In the mid-nineteen eighties in Santa Cruz, California, David Lowery and Victor Krummenacher formed Camper Van Beethoven, and their jangly and stoned "Take The Skinheads Bowling" became an instant college radio staple, kind of a coded but equally joyous "Louie, Louie" for the Reagan-Bush years. CVB was the only band going that could, for example, finesse the relevant weird tension out of Black Flag's "Wasted" by slowing it down with a honky-tonk beat and adding a half-schizoid violin, and in David Lowery had a singer whose bong-loaded Zen-punk lyrics resonated no matter how puzzling and surreal they got. What came to be called 'alternative' music had just begun.

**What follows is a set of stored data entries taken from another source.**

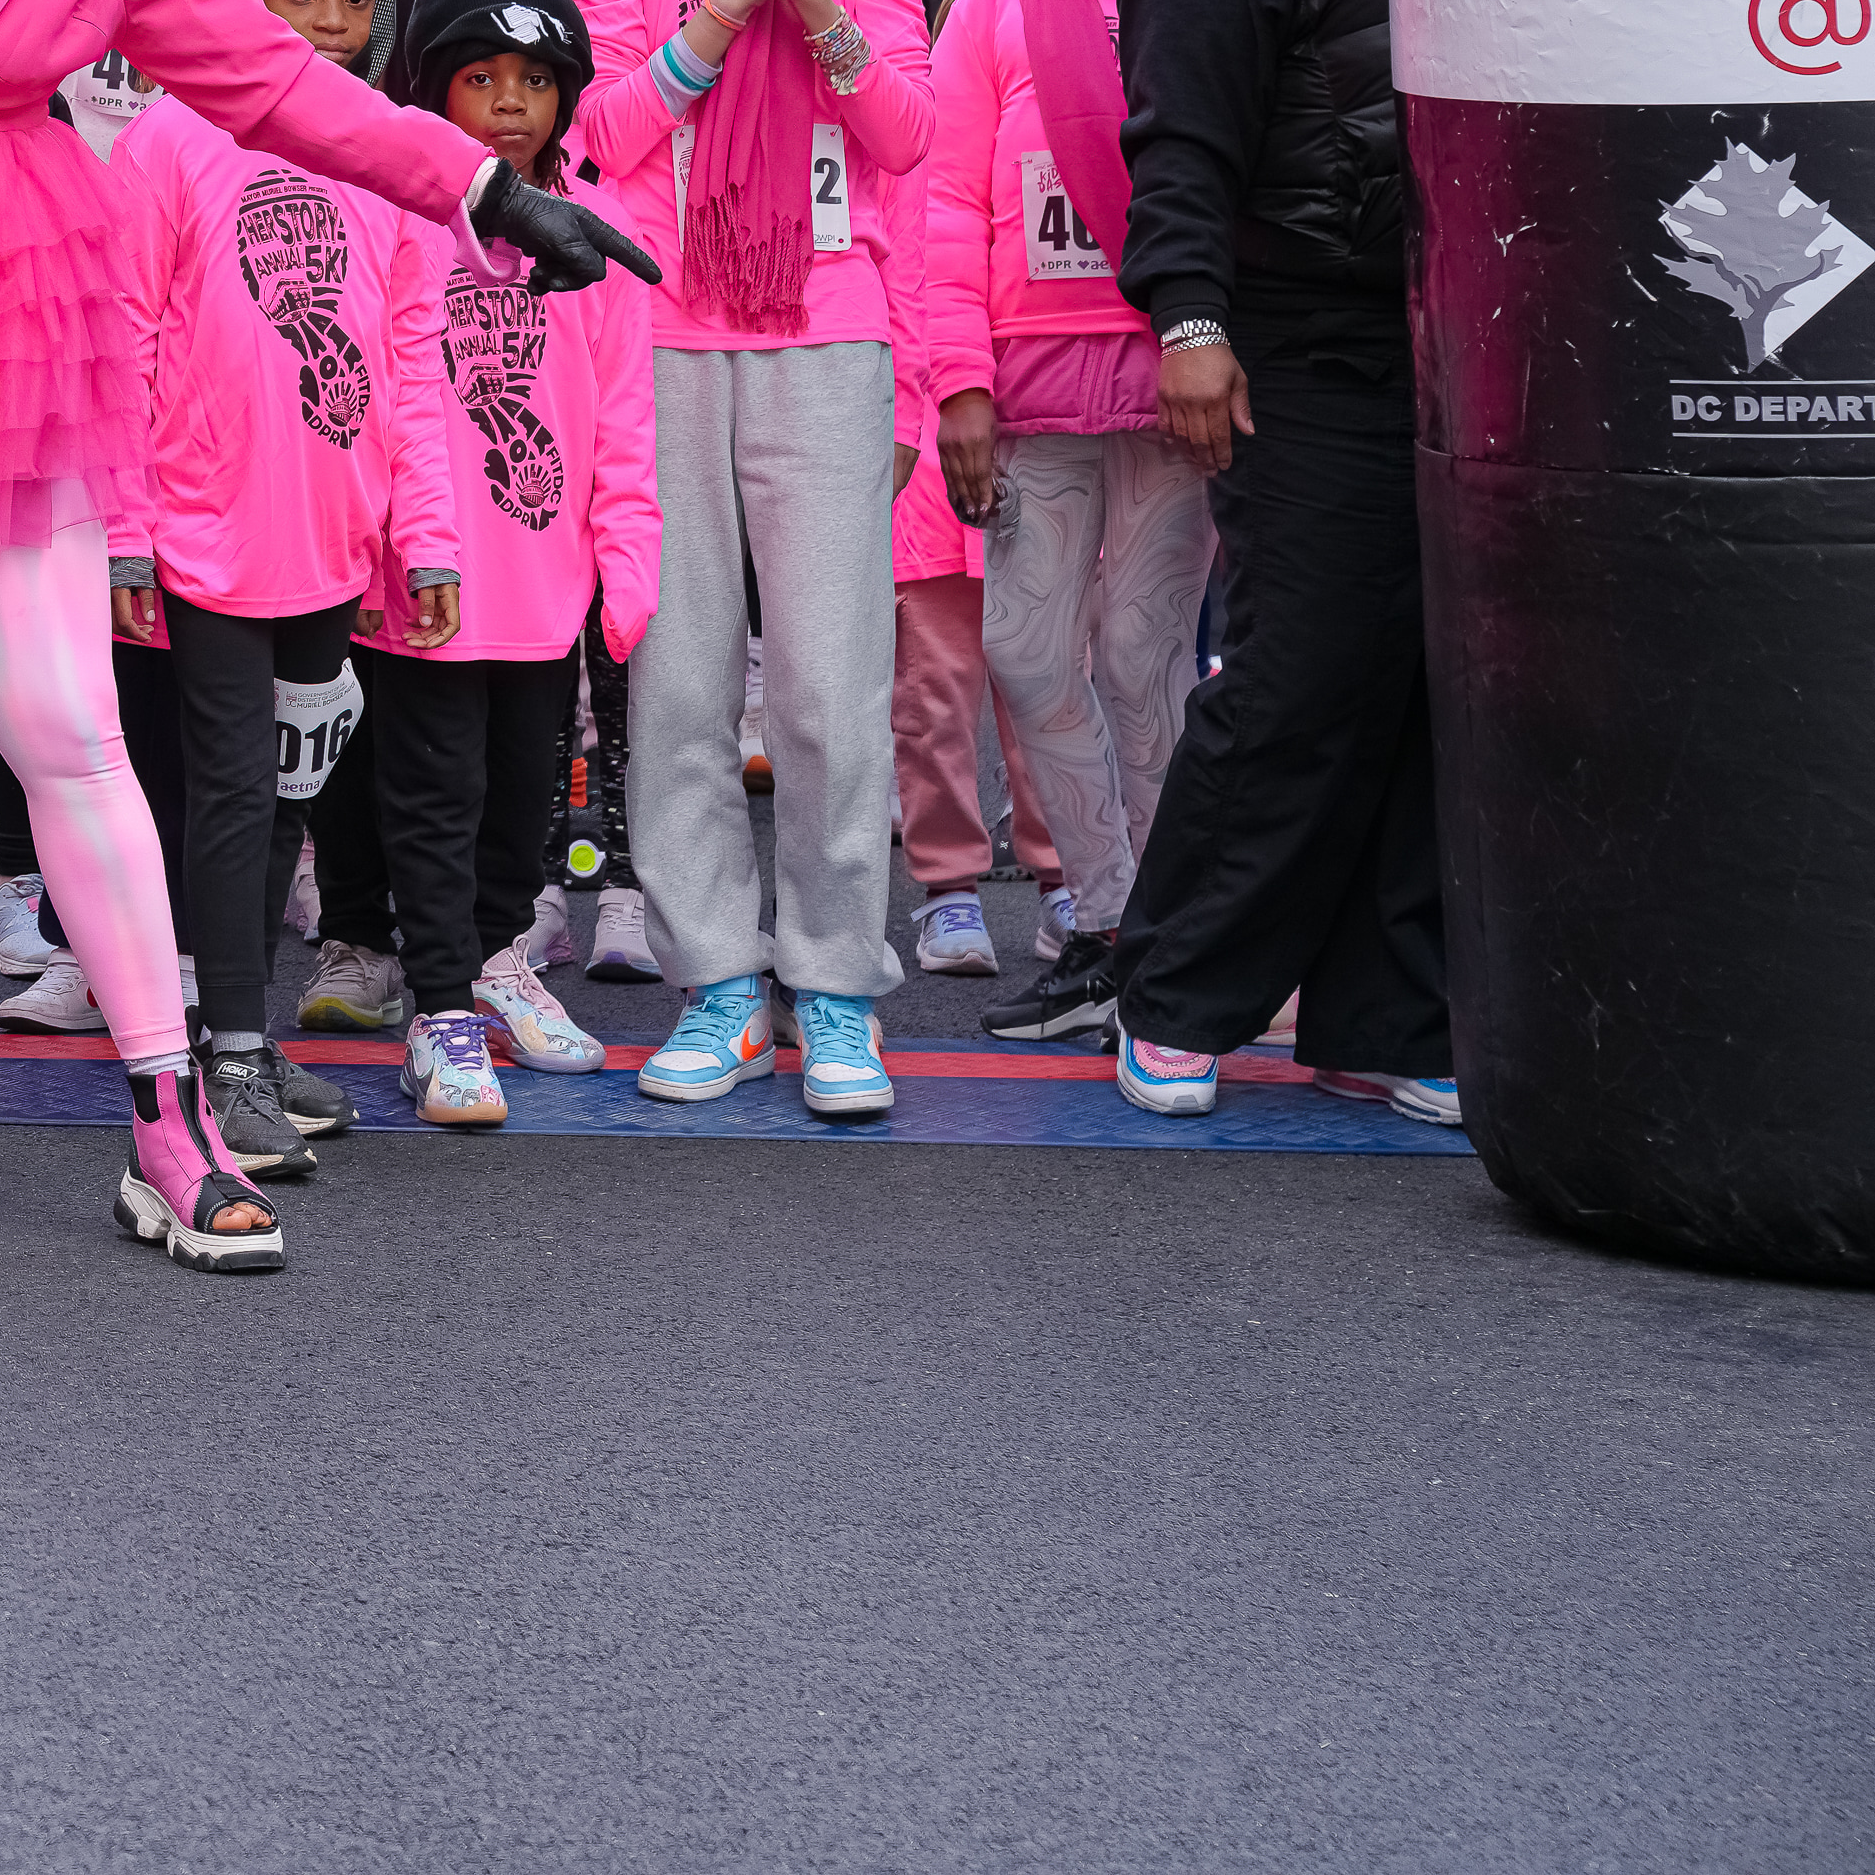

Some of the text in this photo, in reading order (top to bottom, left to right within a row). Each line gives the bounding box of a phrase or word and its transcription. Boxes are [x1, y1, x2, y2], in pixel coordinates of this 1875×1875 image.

[98, 97, 123, 108] DPR
[240, 192, 260, 203] MAYOR
[261, 188, 282, 198] MURIEL
[283, 185, 307, 193] BOWSER
[242, 201, 338, 247] HERSTORY
[254, 245, 341, 283] ANNUAL 5K
[1048, 260, 1071, 270] DPR
[445, 277, 464, 286] MAYOR
[445, 288, 540, 332] HERSTORY
[454, 331, 539, 369] ANNUAL 5K
[354, 364, 370, 423] FITDC
[1671, 395, 1722, 421] DC
[307, 415, 340, 444] DPR
[546, 446, 564, 505] FITDC
[499, 496, 529, 526] DPR
[280, 779, 320, 793] aetna
[221, 1064, 248, 1077] HOKA

Camper Van Beethoven disbanded, rather eventfully in Sweden, following their second major label release. But by then, 1991, the world in question had changed considerably, and not without help from CVB, so when David Lowery formed Cracker in its wake, the band fit nicely into this new ever-widening niche he'd helped create. Cracker's sound had less in common with Camper's exotic excursions, more in common with the Kinks and Southern roots music. Where CVB was eccentric, Cracker was smoothly eclectic. In '92 Lowery, guitarist Johnny Hickman, Davey Faragher (later replaced by Bob Rupe) enlisted drummers and percussionists Jim Keltner, Rick Jaeger, and Phil Jones, and released their eponymous debut on Virgin. That record offered a hooky sociological diagnosis, "Teen Angst (What The World Needs Now)", that proved to be quite correct. The song was taken to heart by modern rock radio, hitting #1. The band followed up a year later with Kerosene Hat , containing an enormous hit and instant (freshly coined) 'alternative' classic called "Low". And lo, the band had a gold record.

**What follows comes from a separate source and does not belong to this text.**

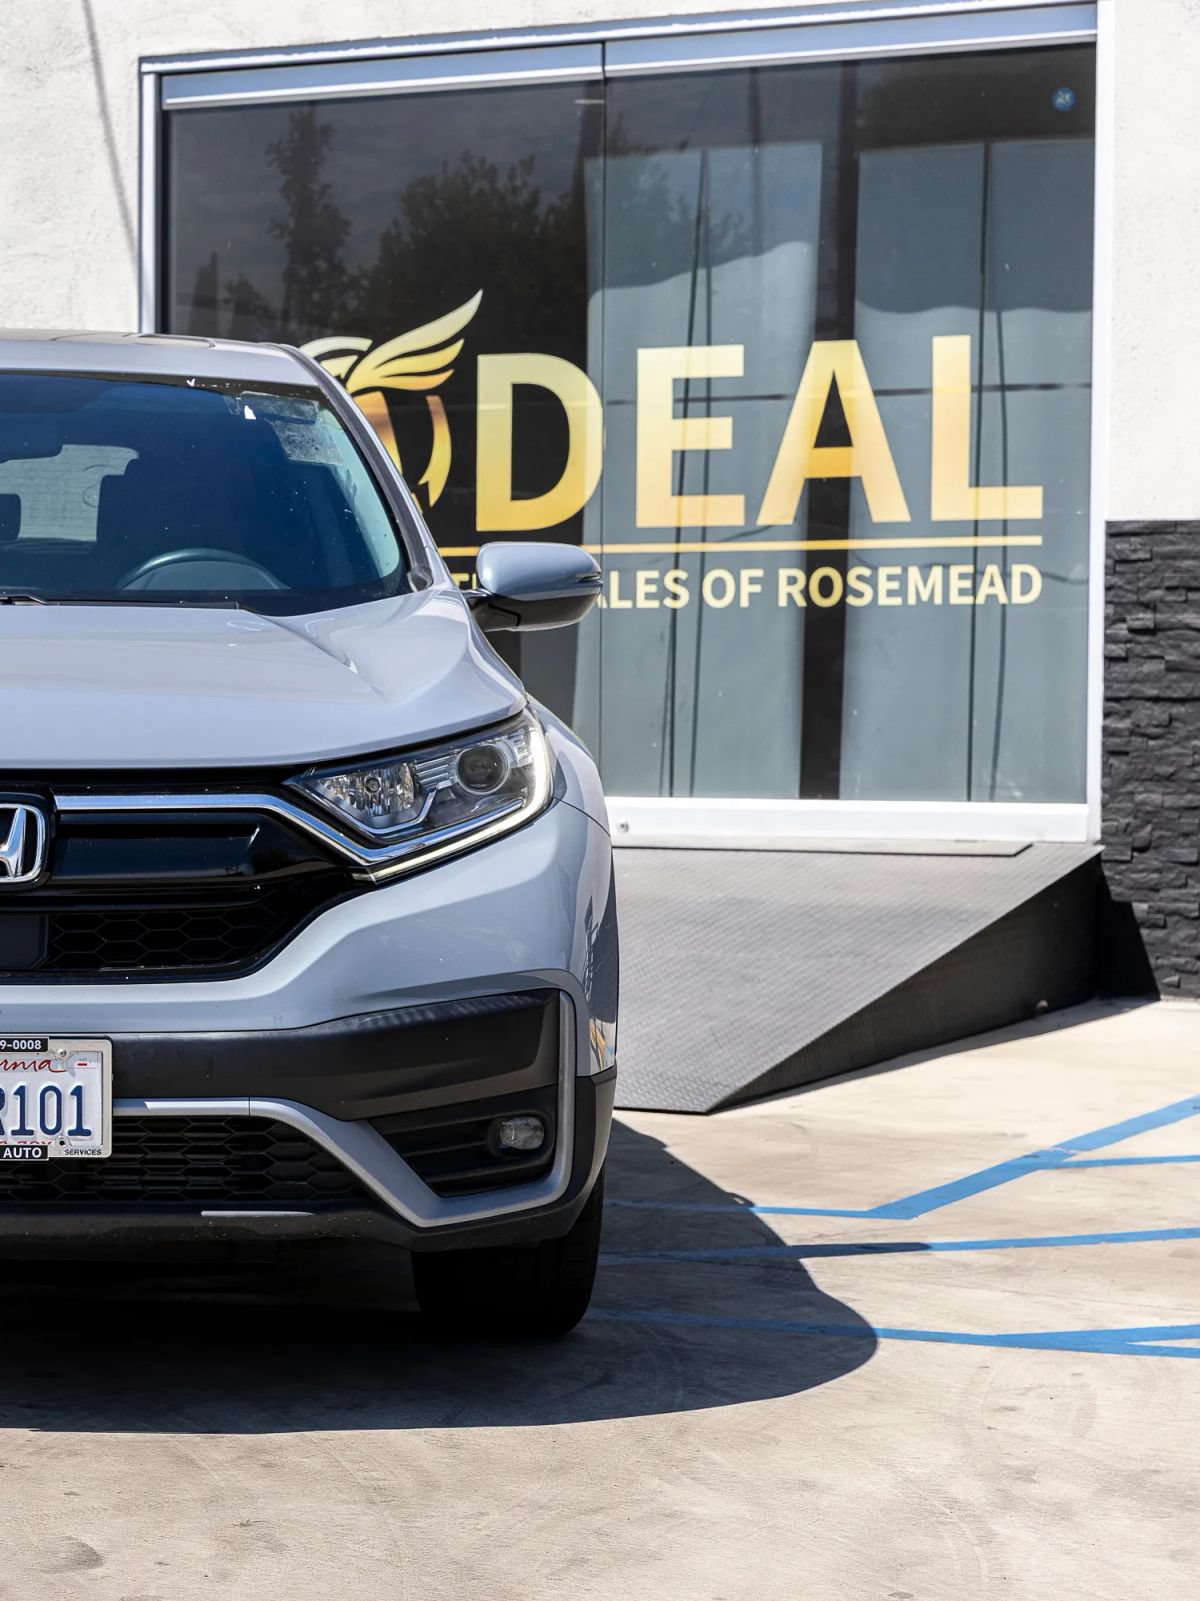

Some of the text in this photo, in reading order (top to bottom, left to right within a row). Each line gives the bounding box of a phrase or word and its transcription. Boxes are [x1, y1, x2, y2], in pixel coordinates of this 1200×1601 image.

[596, 563, 1043, 609] LES OF ROSEMEAD
[3, 1147, 42, 1158] AUTO

Since shortly after the tour for Cracker's The Golden Age, Lowery spent considerable time putting his inimitable sonic humanism in the service of other artists as a producer, first with San Francisco's Cat Head , and on to Sparklehorse's obviously titled Vivadixiesubmarinetransmissionplot, Counting Crows, and most recently Jason Molina of Magnolia Electric Company as well as Lucero. "I just have to feel like there's a real strong artistic vision with the artist, and if there is, then it's fun to make a record. If there isn't, it's like assembling furniture or something." Sufficient here to say David Lowery does not make a lot of furniture, figuratively or otherwise.

Greenland's new more emotional panorama is not without Lowery's trademark candor—twisting references (we were ripped/and we were torn ; or it's bar time at the Scottish gates of dawn/there's a piper playing on the cemetery lawn), an eye for character (you dress like a chick/ drawn by an outsider artist), and utterly unique lyrical cadence (no one but David Lowery can sing this with the such old-soul conviction: hanging out with folks just half my age/buying vintage synthesizers/sometimes skater shoes/sometimes re-issues of those vintage synths from "I Need Better Friends" (please note organ solo therein). There's plenty of mirth in the fog, flotsam, the thorns, the broken light, the old circus tent, and any number of places on Greenland. Greenland's openness and virtue—doesn't come with the sort of egoistic 'soul-bearing' that usually passes for it. It comes from someplace else altogether, probably someplace huge and faraway and strange. Like, say, Greenland.